La figura de Foster Gillett irrumpió de tal manera en el fútbol argentino que aún sigue dando que hablar en el ambiente. Ya sea por el acuerdo con Estudiantes, por el préstamo que tardó en llegar, o por los fallidos traspasos de Valentín Gómez y Rodrigo Villagra, el empresario estadounidense continúa en el centro de la escena.

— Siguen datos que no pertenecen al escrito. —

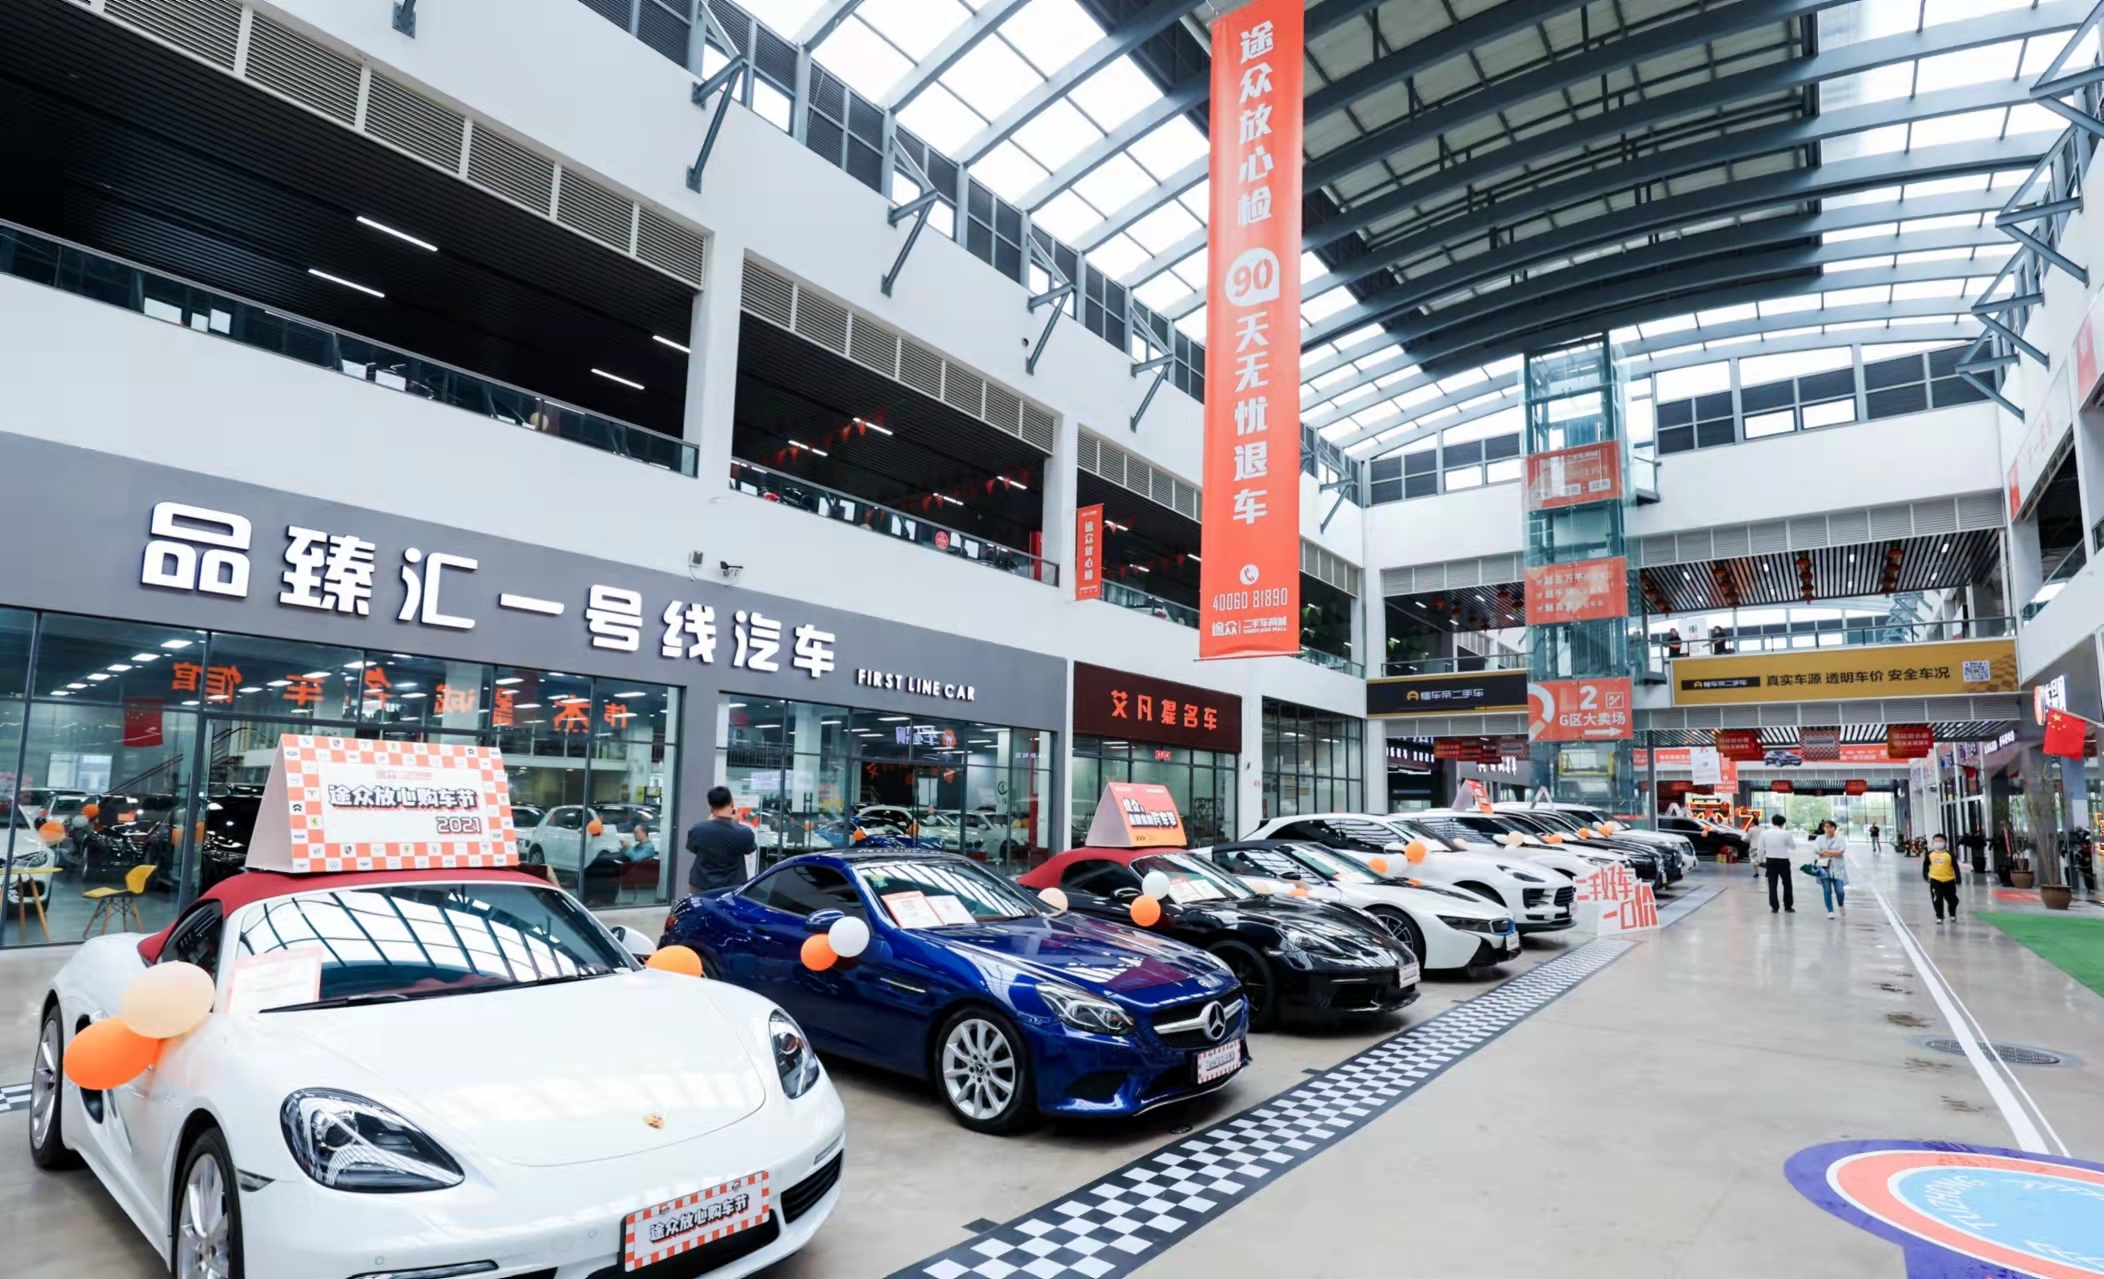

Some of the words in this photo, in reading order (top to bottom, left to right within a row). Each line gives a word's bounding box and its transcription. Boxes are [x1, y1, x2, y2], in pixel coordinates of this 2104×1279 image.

[1239, 20, 1274, 226] 途众放心检
[141, 501, 836, 679] 品臻汇一号线汽车
[1213, 591, 1248, 611] 40060
[1253, 587, 1288, 608] 81890
[857, 668, 902, 690] FIRST
[908, 677, 940, 696] LINE
[944, 684, 975, 700] CAR
[1766, 672, 1821, 686] 真实车源
[1825, 669, 1885, 685] 透明车价
[1887, 666, 1951, 681] 安全车况
[1580, 685, 1598, 710] 2
[1559, 711, 1626, 727] G区大卖场
[327, 783, 479, 811] 途众放心购车节
[436, 816, 482, 834] 2021
[1575, 865, 1634, 901] 二手好车
[1603, 883, 1658, 929] 一口价
[650, 1193, 750, 1244] 途众放心购车节

Recientemente, el magnate volvió a estar en la mira y recibió una positiva y otra negativa, una de cal y una de arena. Por un lado, fue elogiado por Leandro Somoza, director técnico de Rampla Juniors de Uruguay, equipo que pertenece a Gillett. El ex jugador de Vélez, Boca y Lanús, entre otros, bancó al empresario: “Foster Gillett es un apasionado del fútbol. Podés estar hablando con él entre 4 y 5 horas de todo. Sabe todo de cualquier parte del mundo”, señalo en entrenador argentino.
Además, se refirió a la importancia de su presencia en el club uruguayo y destacó el crecimiento del equipo: “Estamos totalmente en otro plano. Desde que asumió este compromiso las cosas fueron muy bien. Esperamos que siga por estar camino”, aseguró, y añadió: “Es muy difícil lograr lo que se logró en tan poco tiempo. En 4 o 5 días se consiguió un predio, un gimnasio, ropa para entrenar y firmaron 16 jugadores”, remarcó.

La mala llegó por el lado de River
Contrariamente, de este lado del charco, Foster no recibió buenas noticias. River, una de las partes involucradas en el pase de Rodrigo Villagra, denunció penalmente a Gillett y a Guillermo Tofoni por haber defraudado los intereses del club en el frustrado pase del jugador del Millonario, que finalmente arribó al CSKA de Moscú.
Desde el club aseguran que la la situación generada a raíz del no traspaso de Villagra causó un grave perjuicio al patrimonio de la institución y podría ser considerada un desbaratamiento de derechos acordados. Un frente al que Gillett deberá prestar particular atención.

El préstamo que llegó y un pre-acuerdo en stand by
Luego de tanta espera, Estudiantes finalmente recibió la mitad del préstamo que Gillett había prometido. Un dinero importante para el club, ya que por su falta, tuvo que utilizar recursos propios para habilitar a Ezequiel Piovi y ahora los recupera para regularizar su economía, aunque aún resta la otra mitad.
Por su parte, el acuerdo con Estudiantes aún sigue en pausa, ya que no se avanzó más allá del pre-acuerdo firmado. Todo indica que tanto el club como la parte del empresario, principalmente su apoderado Tofoni, esperan por Asamblea en la que los socios decidirán el futuro del acuerdo.